El historiador Christian Goeschel, autor del libro Suicidio en el III Reich, habla de «un nacionalismo catastrofista» para tratar de explicar la ola suicidios y argumenta que el régimen tendía a la autodestrucción, al exterminio de la propia nación antes de que esta fuese conquistada por el enemigo. «Tras la extinción del Führer y el Reich temían caer en el vacío. Podía sentirse la nada. Las historias de terror sobre el Ejército Rojo habían creado una atmósfera de miedo a que, tras la victoria aliada, el pueblo alemán fuera liquidado. A lo sumo esperaban una vida bajo la opresión. Para quienes habían asumido durante doce años los valores del nacionalsocialismo, la vida había perdido sentido», explica a su vez el también historiador Florian Huber en su libro Niño, prométeme que te pegarás un tiro, título que revela el nivel de pánico entre la población alemana, sobre todo al este del río Elba, cuando el conflicto tocaba a su fin.
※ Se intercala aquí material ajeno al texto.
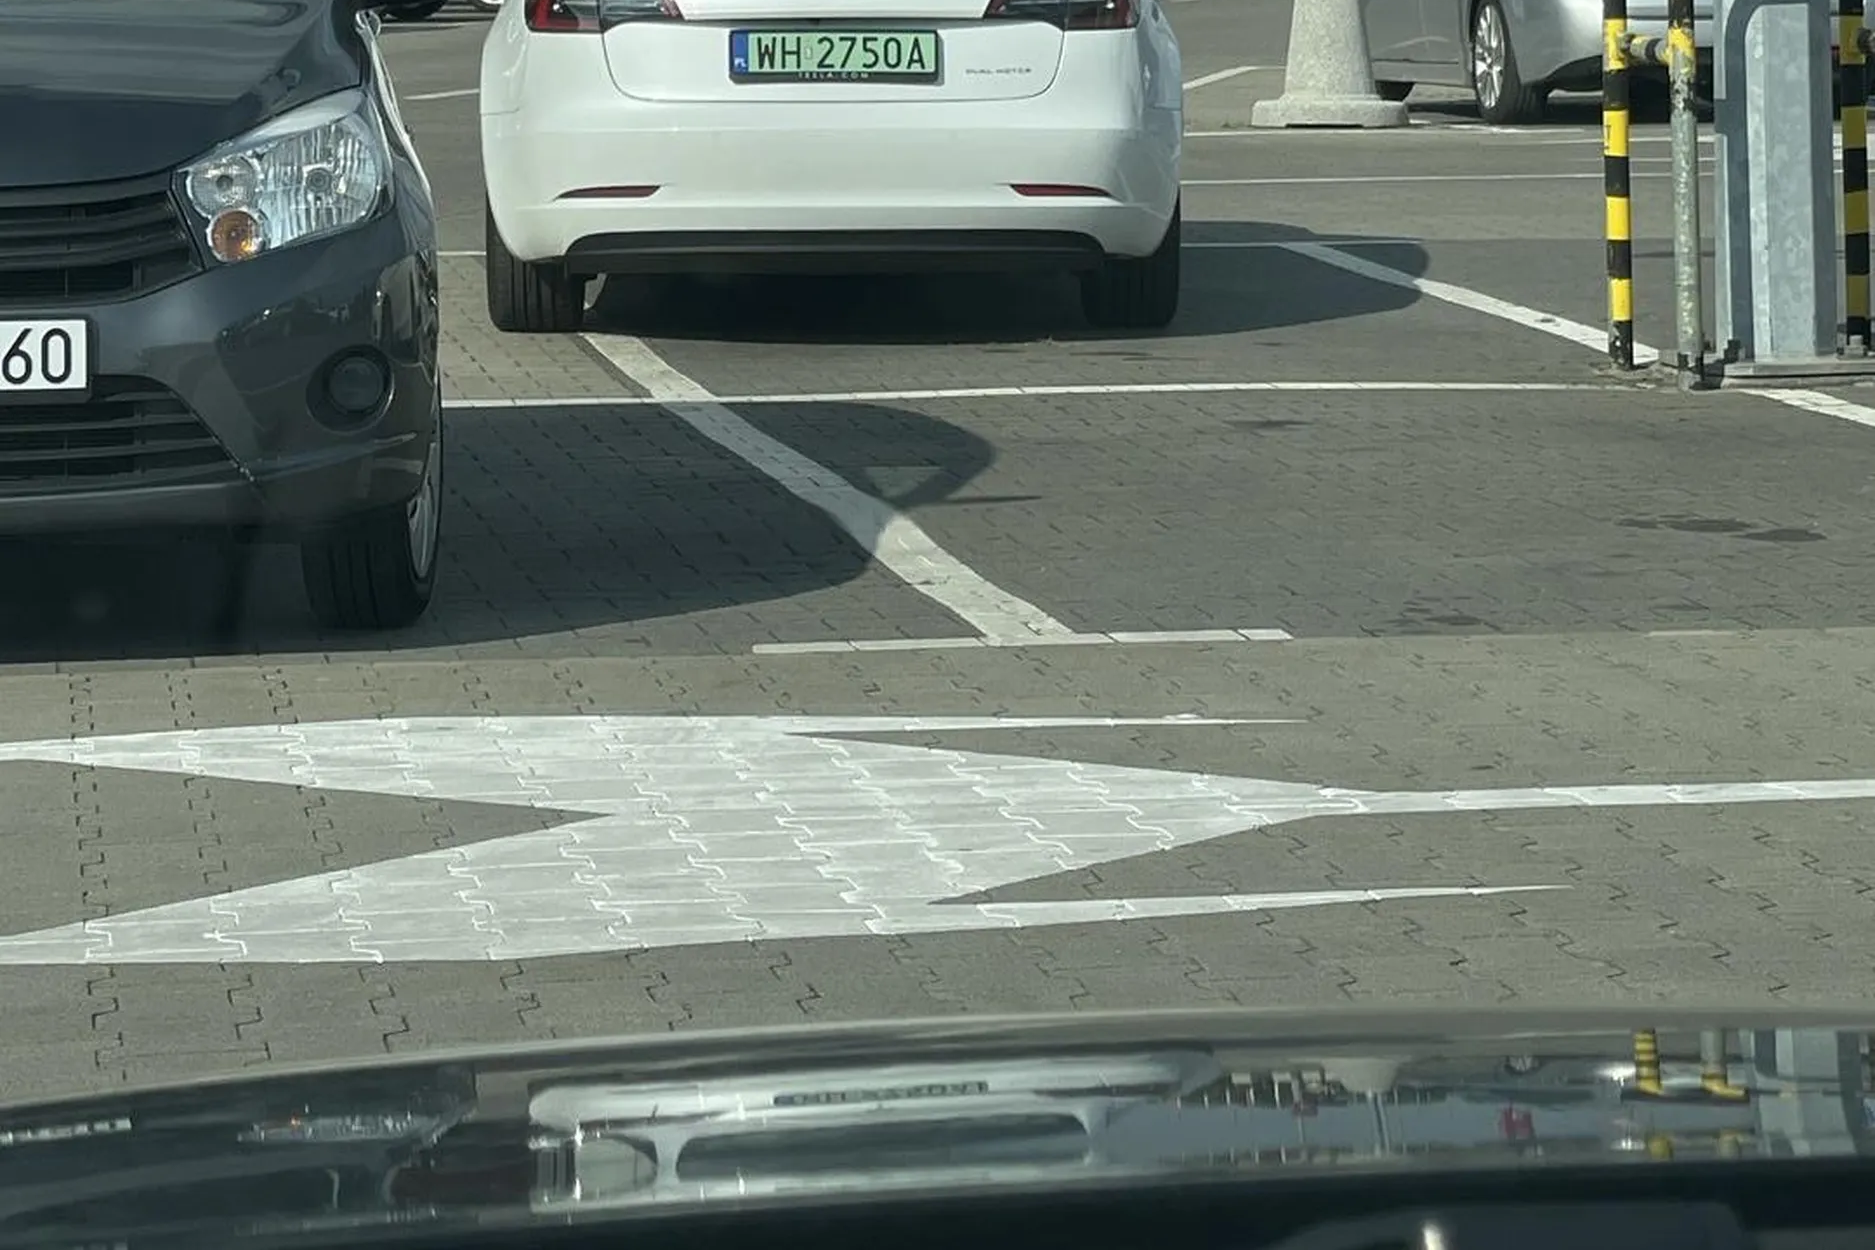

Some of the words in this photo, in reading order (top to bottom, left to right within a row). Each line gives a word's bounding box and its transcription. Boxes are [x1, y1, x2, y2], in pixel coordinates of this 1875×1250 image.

[757, 36, 801, 70] WH
[817, 36, 926, 70] 2750A
[2, 327, 73, 385] 60
Ya a principios de marzo de 1945, el párroco de la Iglesia del Memorial de Berlín, Gerhard Jaccobi, lo advertía: «Me visitan una y otra vez miembros de mi parroquia que me confiesan guardar una ampolla de cianuro». Nadie sabe a ciencia cierta cuanta gente se quitó la vida en la ciudad, pero los historiadores consideran que la cifra oficial, 7.057 personas, está muy lejos de la realidad. Muchos suicidios fueron camuflados por familiares, médicos y religiosos para evitar problemas legales a los allegados de los muertos. El 12 de abril de 1945, antes de la toma de la capital por las tropas soviéticas, el último concierto de la Filarmónica de Berlín acabó con El ocaso de los dioses, de Richard Wagner. A la salida, adolescentes uniformados de las Juventudes Hitlerianas repartieron entre los asistentes cápsulas de cianuro que llevaban en grandes cestos.
La fosa común de Demmin
Pero el mayor suicidio colectivo de la historia, como lo define Florian Huber, se produjo entre el día de la muerte del dictador y el 3 de mayo en la pequeña localidad de Demmin, en la septentrional región alemana de Antepomerania. Tras la retirada de las tropas alemanas, la población, abarrotada de refugiados procedentes del este, quedó a merced del enemigo. El Ejército Rojo actuó sin piedad, saqueó la localidad, prendió fuego a sus edificios, violó a sus mujeres y disparó contra todo aquel que intentó oponer resistencia. «Hombres, mujeres y niños se suicidaron en masa», afirma Huber, quien explica que «eran gente de todos los estratos sociales, profesiones y edades, un espejo de la sociedad alemana en las pequeñas ciudades». En tres días, cientos de personas se colgaron de un árbol, se pegaron un tiro o se lanzaron con una piedra colgada del cuello al río. Abuelas y madres mataron a sus hijos y nietos, padres a sus esposas... Registrados en una lista elaborada por la hija del sepulturero, hay más de 700 ciudadanos. Uno de cada diecisiete habitantes optó por quitarse la vida.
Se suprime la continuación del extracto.